◆ The problem:
The output should be every line below, retyped exactly, with no images.

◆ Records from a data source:
==================================================

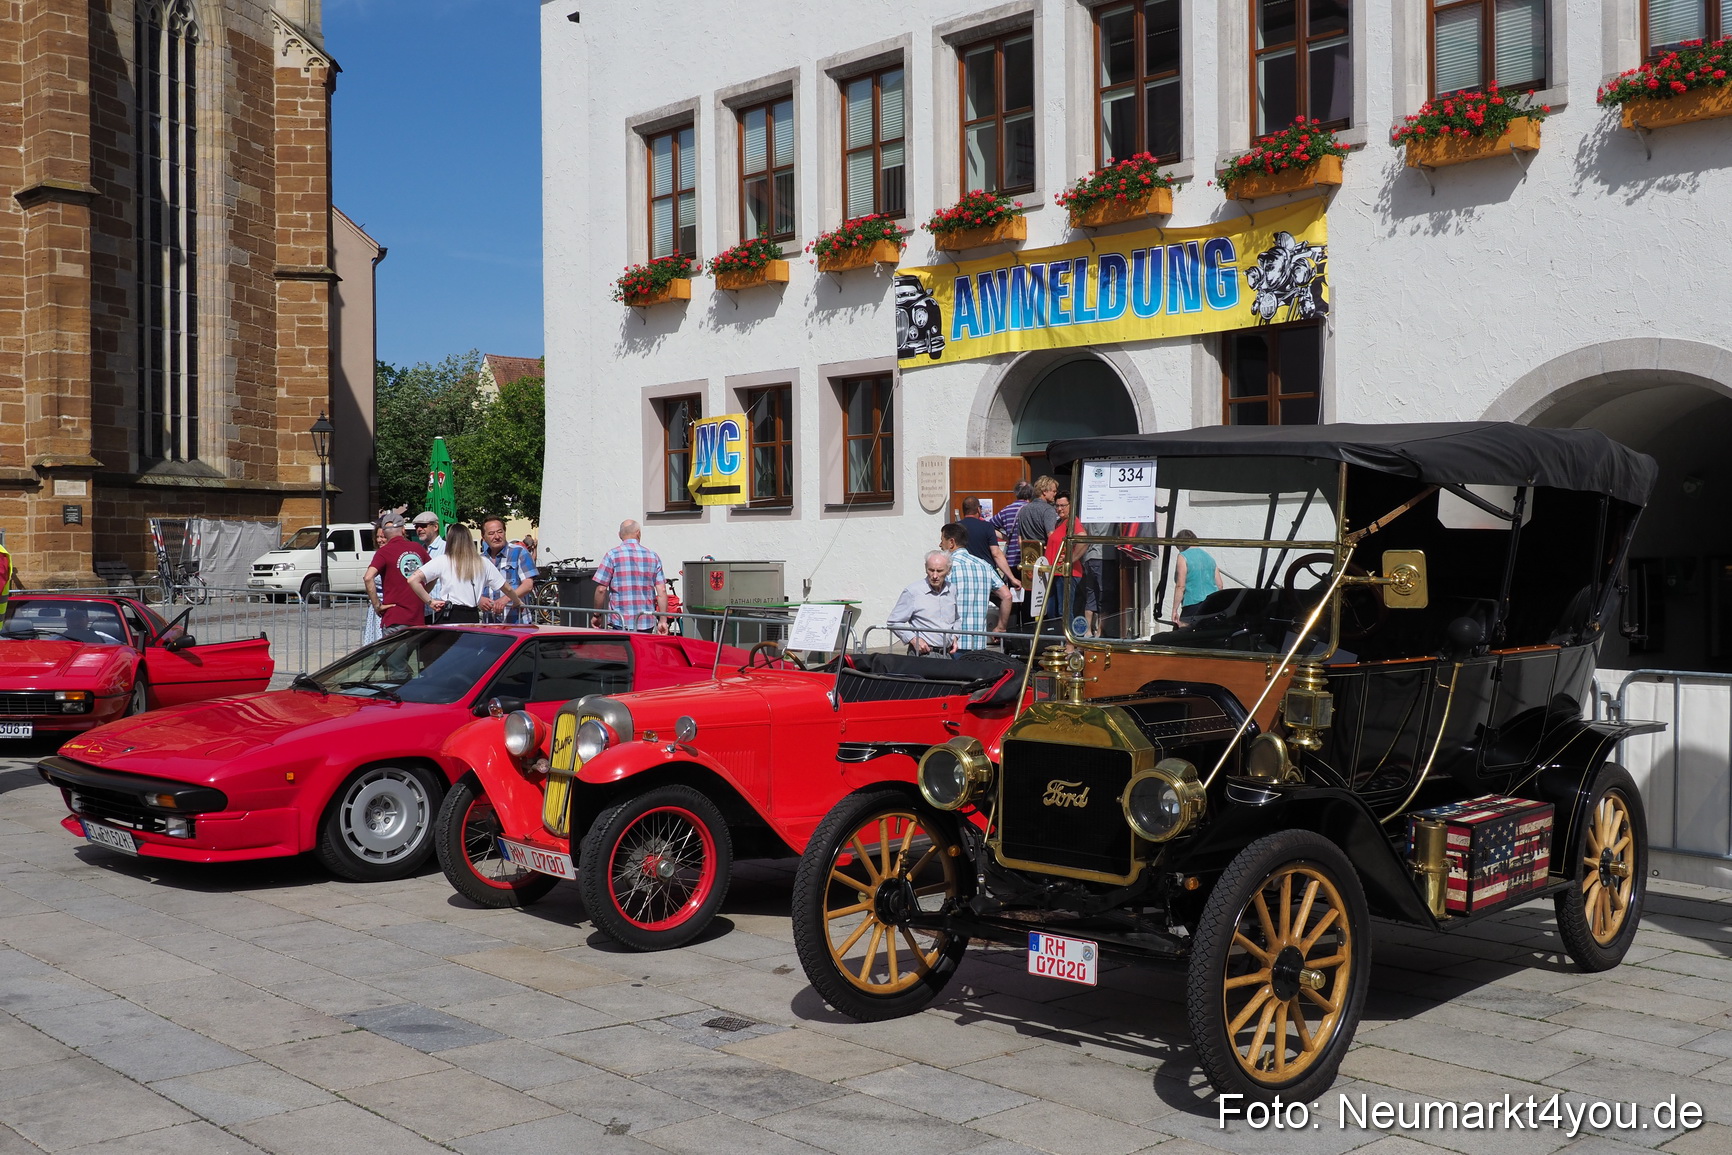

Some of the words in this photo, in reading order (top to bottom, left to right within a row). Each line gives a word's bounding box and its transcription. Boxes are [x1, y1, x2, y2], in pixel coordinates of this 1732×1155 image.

[950, 236, 1240, 342] ANMELDUNG
[694, 419, 741, 478] WC
[1118, 468, 1143, 482] 334
[1042, 780, 1090, 808] Ford
[508, 844, 528, 865] NM
[531, 850, 566, 875] 0700
[1045, 937, 1066, 958] RH
[1036, 955, 1086, 981] 07020
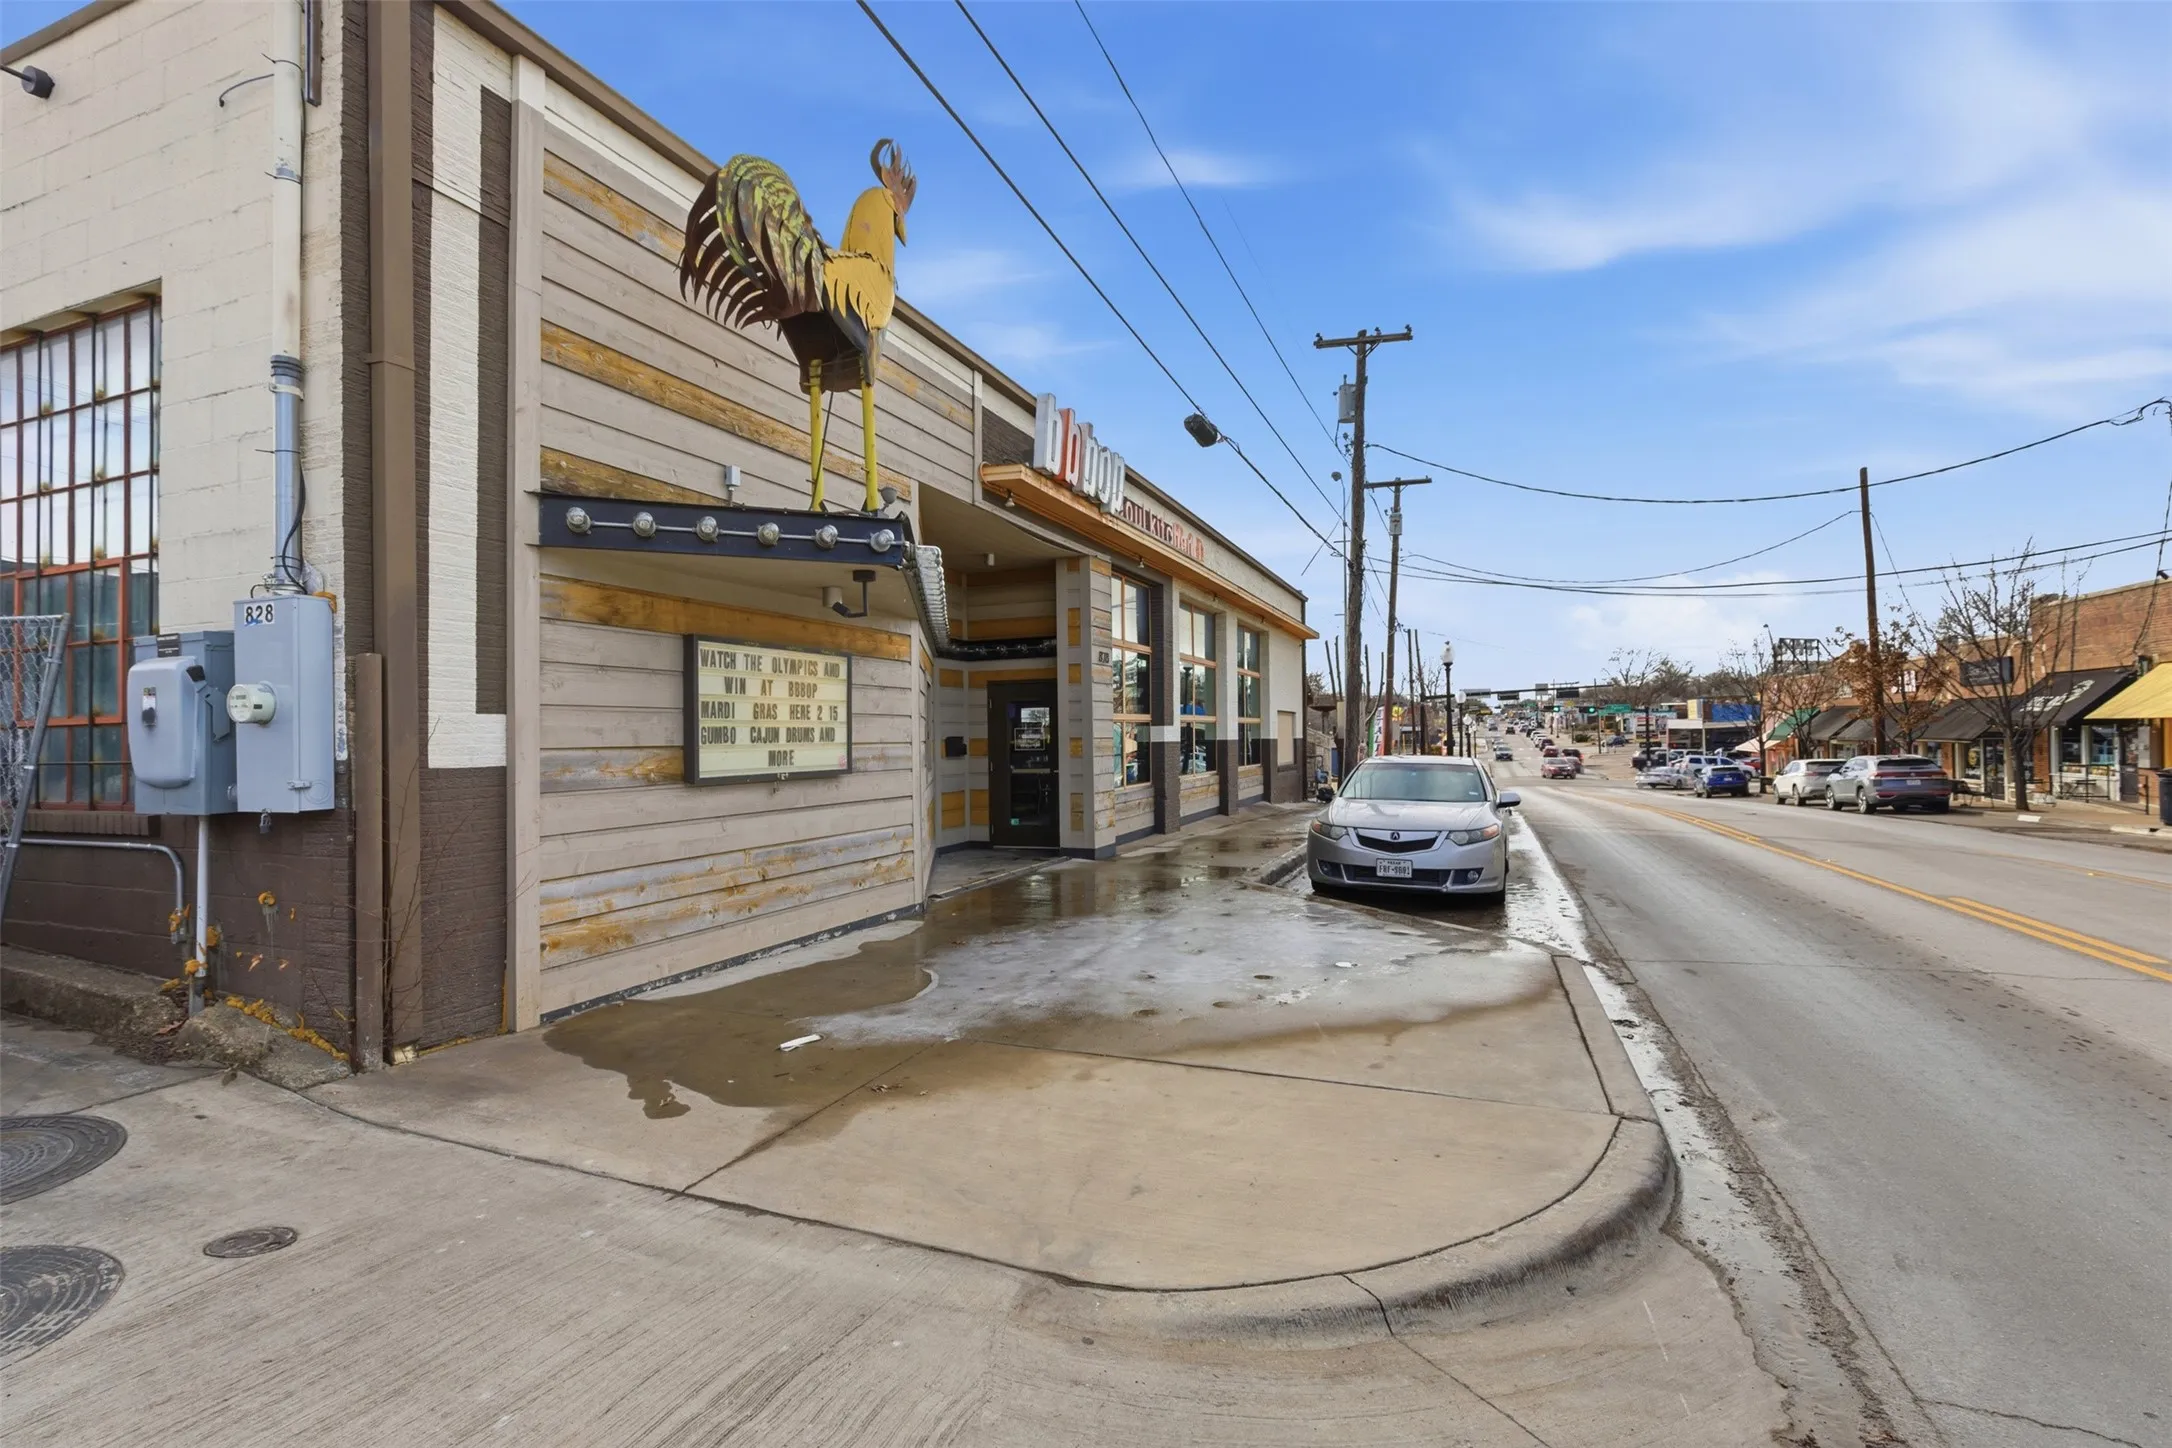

==================================================

◆ Response area:
Some of the words in this photo, in reading order (top to bottom, left to right within a row). Each line gives a word's bounding box and its transcription. Boxes are [x1, y1, x2, y2], in pixel coordinates of this 1732×1155 image.

[950, 236, 1240, 342] ANMELDUNG
[694, 419, 741, 478] WC
[1118, 468, 1143, 482] 334
[1042, 780, 1090, 808] Ford
[508, 844, 528, 865] NM
[531, 850, 566, 875] 0700
[1045, 937, 1066, 958] RH
[1036, 955, 1086, 981] 07020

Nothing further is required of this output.